What's wanted here is the full listing below, repeated exactly, with no images in it.

§ §

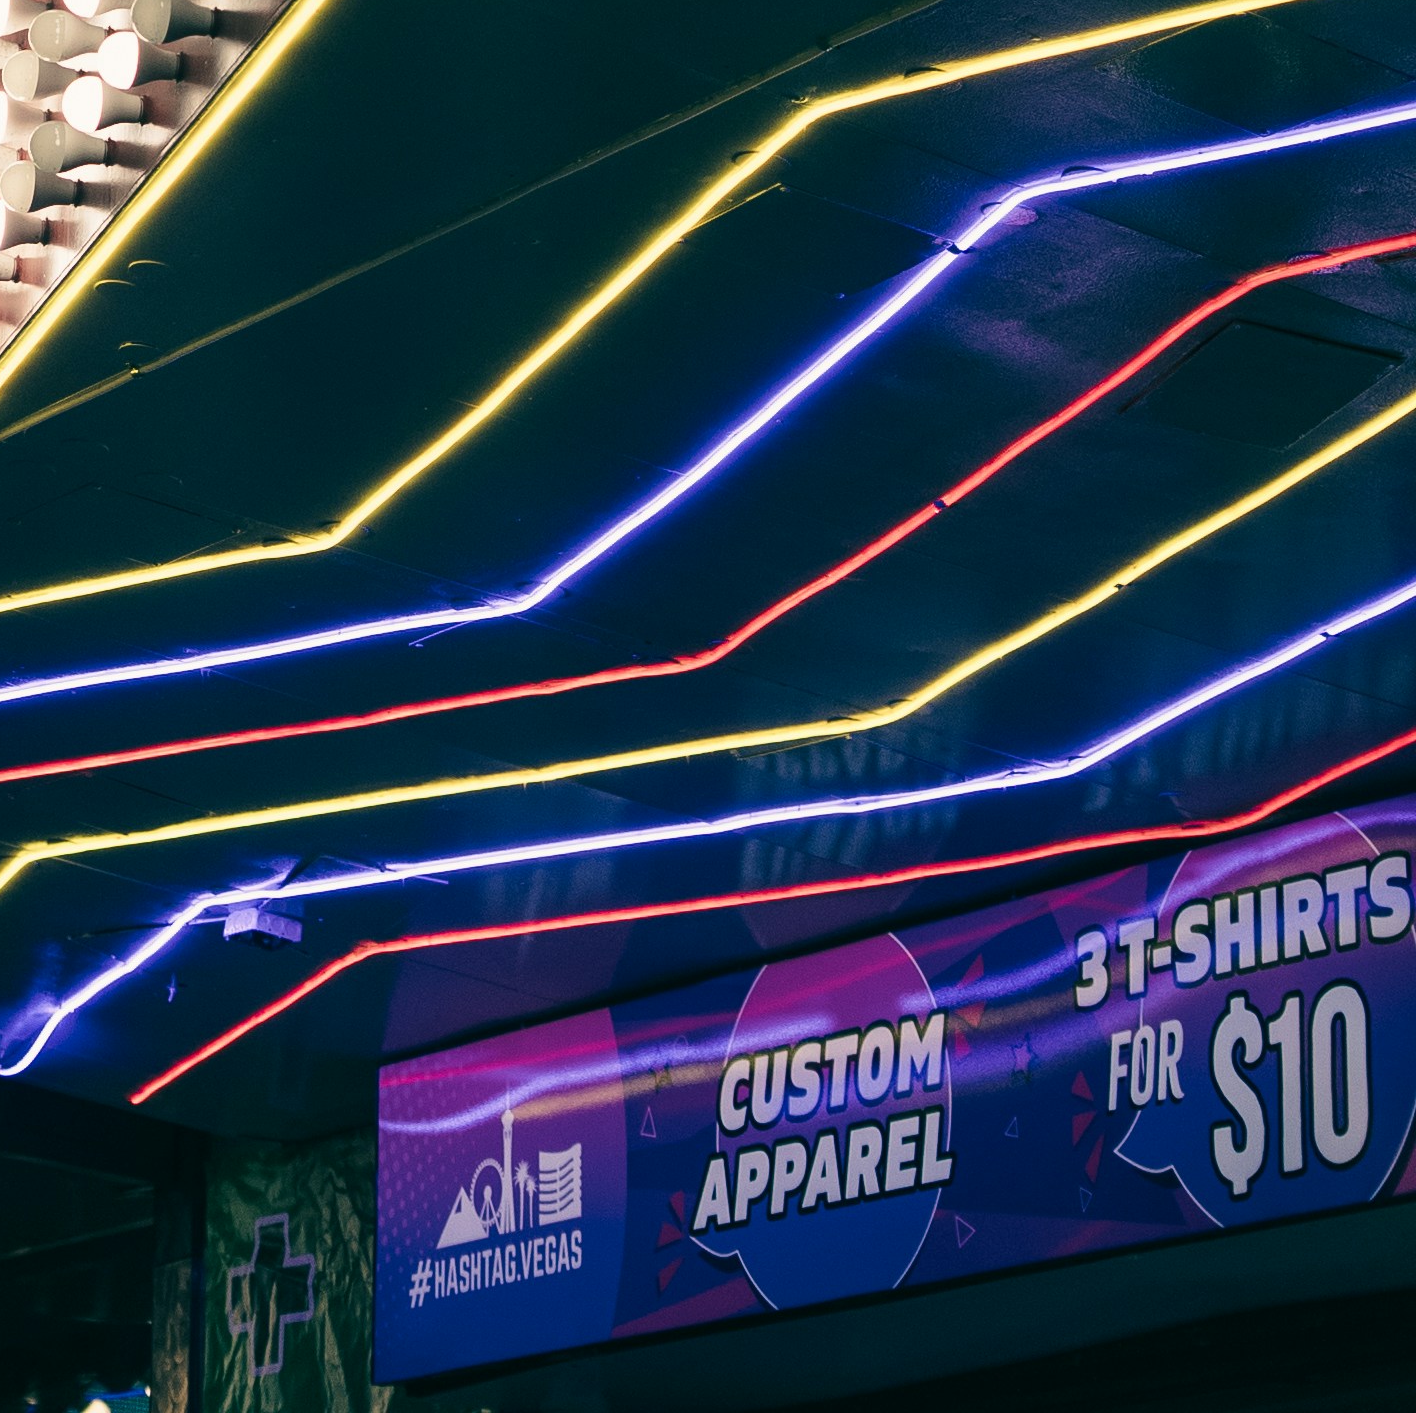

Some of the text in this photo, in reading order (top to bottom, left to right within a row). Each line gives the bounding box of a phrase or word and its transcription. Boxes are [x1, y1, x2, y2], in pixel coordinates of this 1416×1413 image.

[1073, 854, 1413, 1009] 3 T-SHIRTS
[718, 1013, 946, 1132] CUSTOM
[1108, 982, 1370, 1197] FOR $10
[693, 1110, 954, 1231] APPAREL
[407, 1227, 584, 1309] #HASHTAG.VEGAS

§ §

**YOUR SOLUTION**
Some of the text in this photo, in reading order (top to bottom, left to right within a row). Each line gives the bounding box of a phrase or word and its transcription. Boxes are [x1, y1, x2, y2], in pixel coordinates of this 1416×1413 image.

[1073, 854, 1413, 1009] 3 T-SHIRTS
[718, 1013, 946, 1132] CUSTOM
[1108, 982, 1370, 1197] FOR $10
[693, 1110, 954, 1231] APPAREL
[407, 1227, 584, 1309] #HASHTAG.VEGAS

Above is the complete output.